USD/CAD is trading in the mid-to-upper-1.35s after clocking an 11-year peak at 1.3622 Tuesday. A rebound in oil prices has taken upside impetus out of the pair, which still remains about 1.5% up on the week. Aside from oil price dynamics, another underpinning has been last Friday’s U.S. jobs report, which effectively greenlighted the Fed to hit the rate lift-off button on Dec-16. Additionally, the Canadian jobs report was weaker than expected, and despite a robust housing market, the Bank of Canada could be forced into cutting rates again.
Commodity weakness, and especially oil, continued to hammer the S&P/TSX individually, and stocks globally. Further erosion in Chinese traded data renewed investor concerns over growth and exacerbated the price slide. The commodity-heavy index again underperformed N. American shares, falling over 0.80%. CAD continued to suffer too, even after crumbling to better than 11 year lows on Tuesday.

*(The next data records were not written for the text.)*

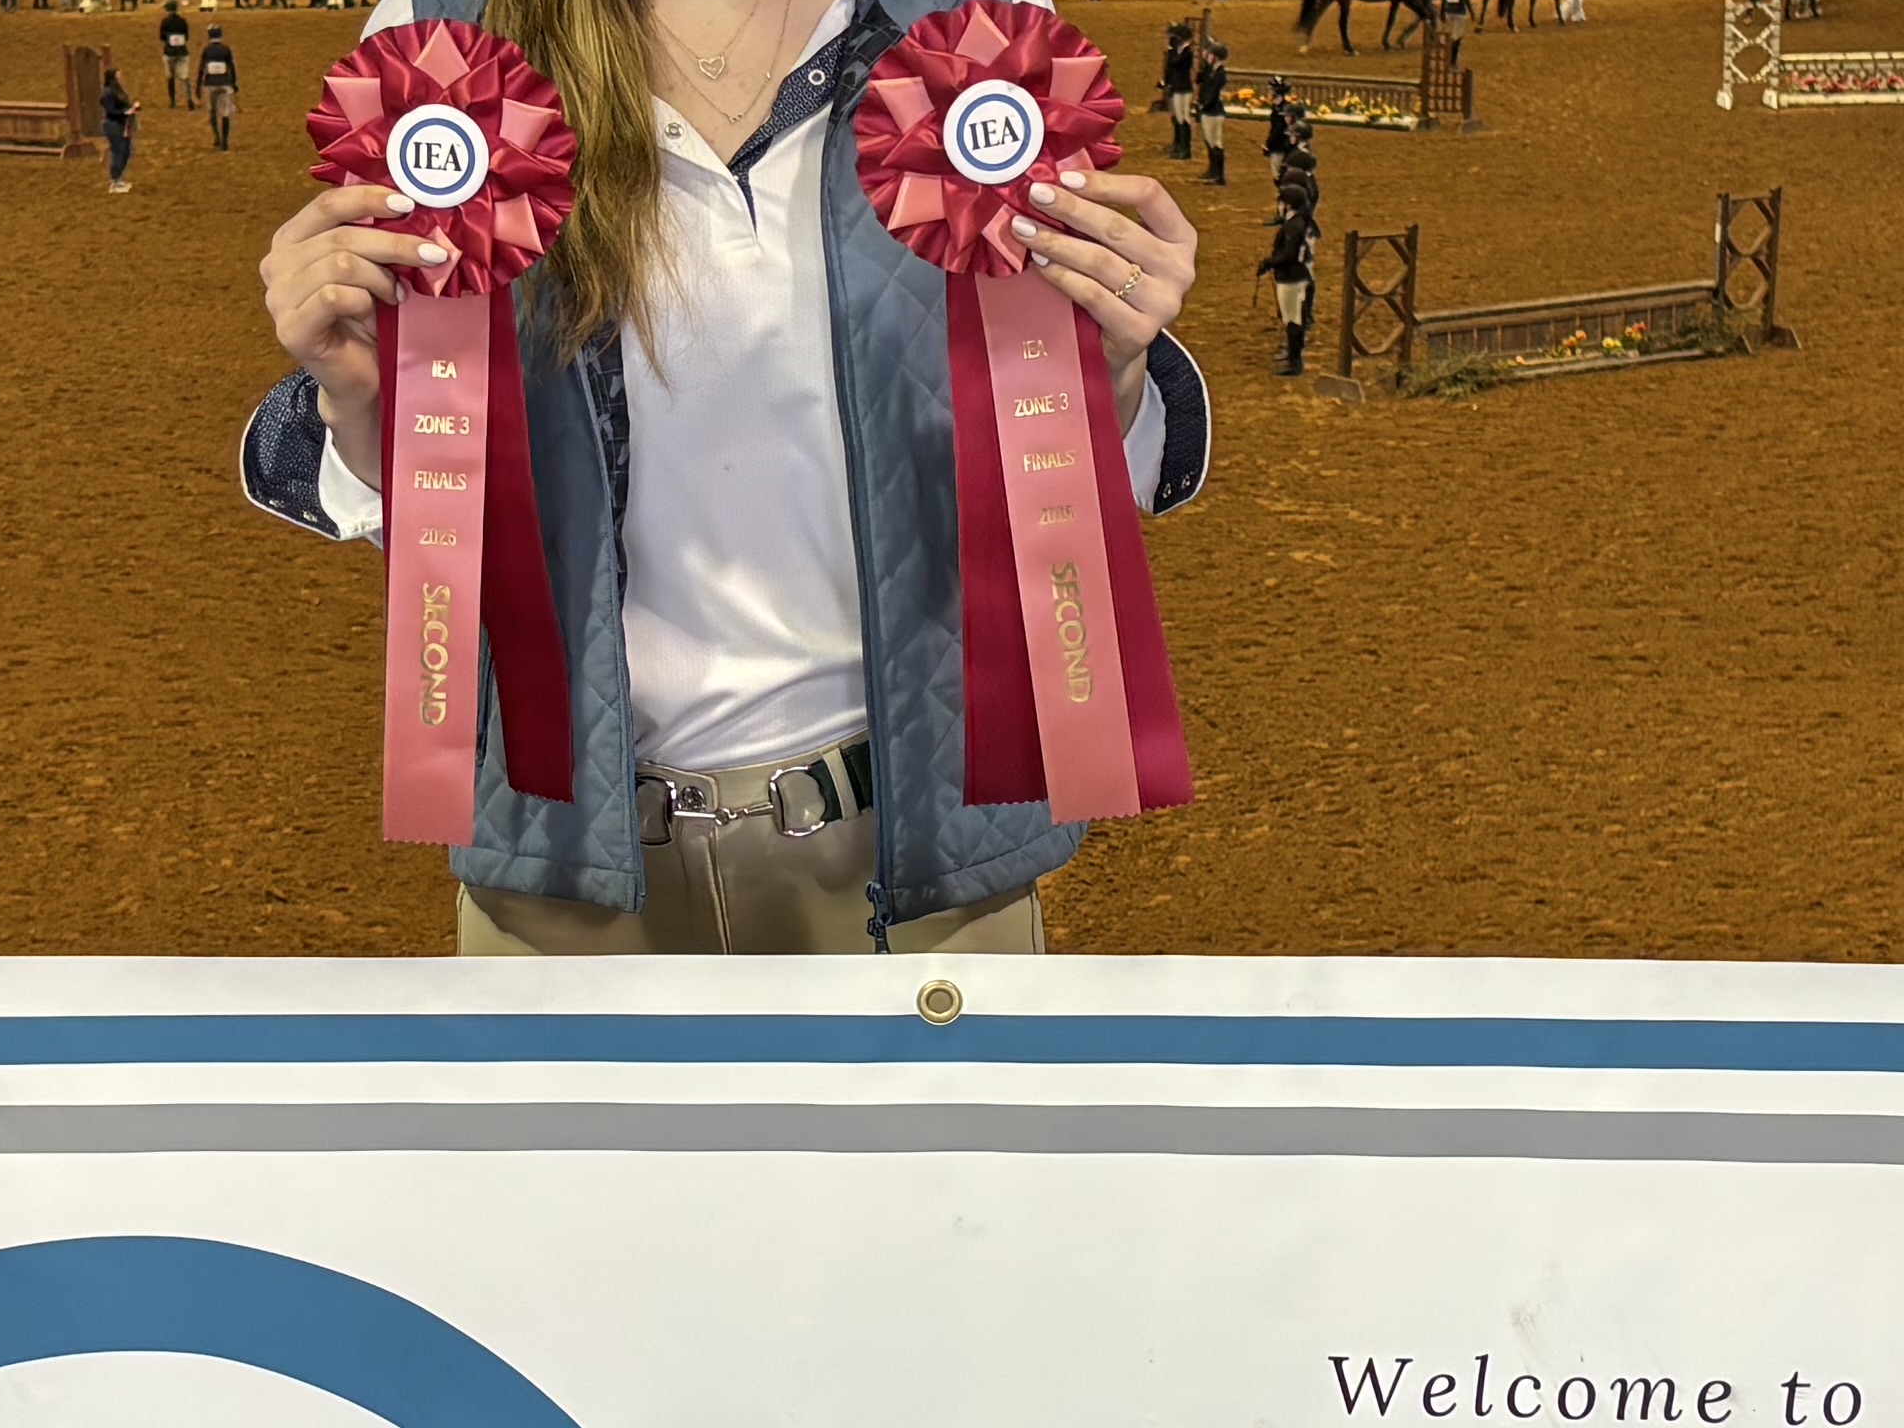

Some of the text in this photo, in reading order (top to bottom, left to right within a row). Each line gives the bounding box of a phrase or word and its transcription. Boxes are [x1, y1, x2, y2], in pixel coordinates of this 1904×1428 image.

[968, 116, 1021, 151] IEA
[412, 141, 463, 172] IEA
[1022, 339, 1048, 360] IEA
[431, 360, 457, 379] IEA
[1013, 392, 1069, 417] ZONE 3
[414, 414, 470, 435] ZONE 3
[1023, 448, 1077, 472] FINALS
[414, 470, 467, 491] FINALS
[1049, 560, 1093, 704] SECOND
[420, 582, 451, 725] SECOND
[1327, 1354, 1862, 1426] Welcome to
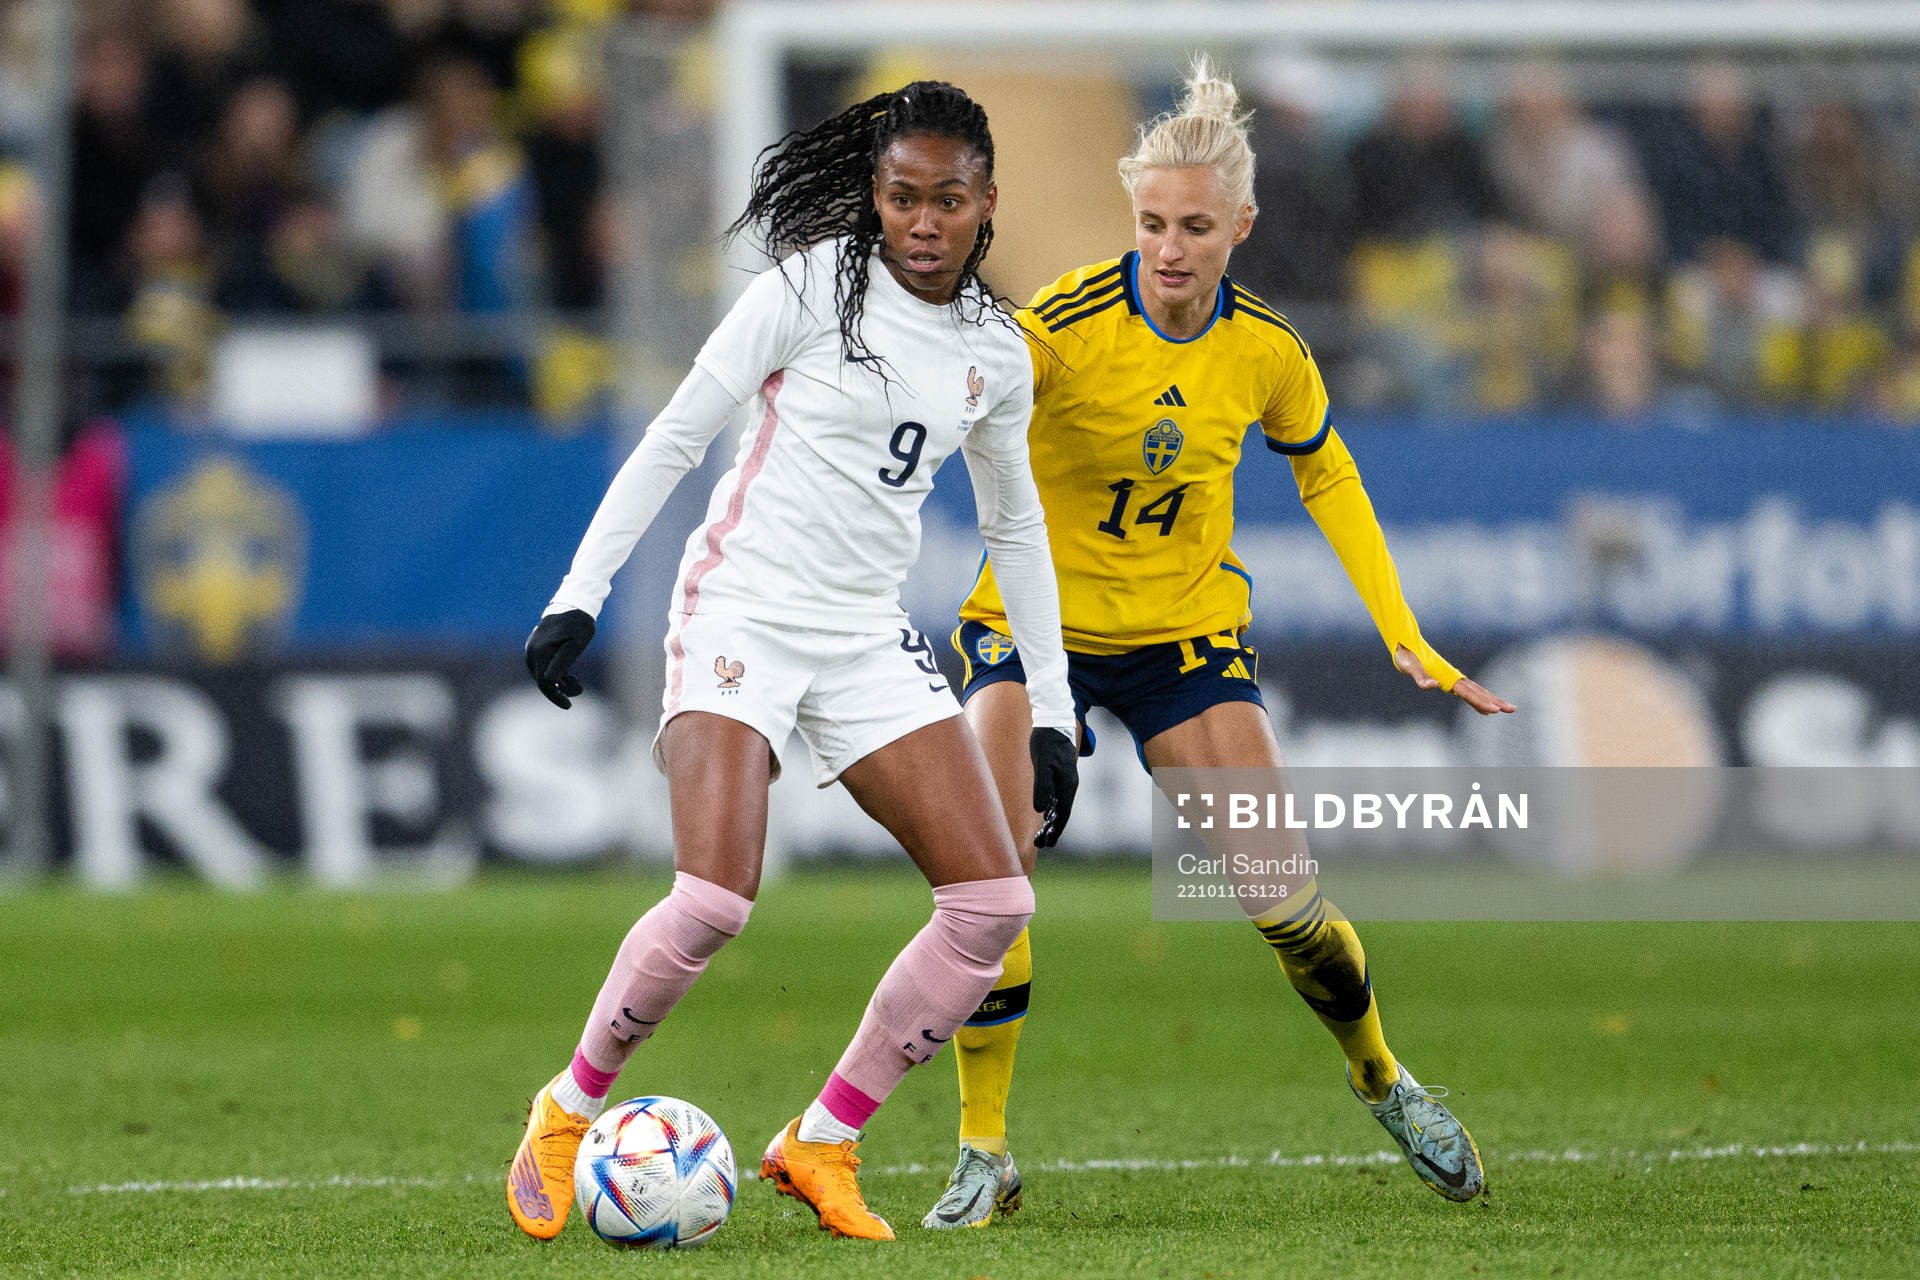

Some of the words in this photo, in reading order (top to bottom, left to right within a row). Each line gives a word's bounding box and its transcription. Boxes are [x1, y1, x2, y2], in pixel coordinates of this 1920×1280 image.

[879, 421, 927, 488] 9
[1097, 478, 1190, 540] 14
[976, 1000, 1006, 1012] GE

The USD/CAD broke out to fresh 11-year highs on Tuesday and is consolidating on Wednesday ahead of the EIA inventory report which could alter the path of oil prices. Support on the currency pair is seen near further resistance at 1.3450, while resistance is now seen near 1.40. Momentum on the currency pair has turned positive as the MACD (moving average convergence divergence) index generated a buy signal. This occurs as the spread (the 12-day moving average minus the 26-day moving average) crosses above the 9-day moving average of the spread). The index moved from negative to positive territory confirming the buy signal.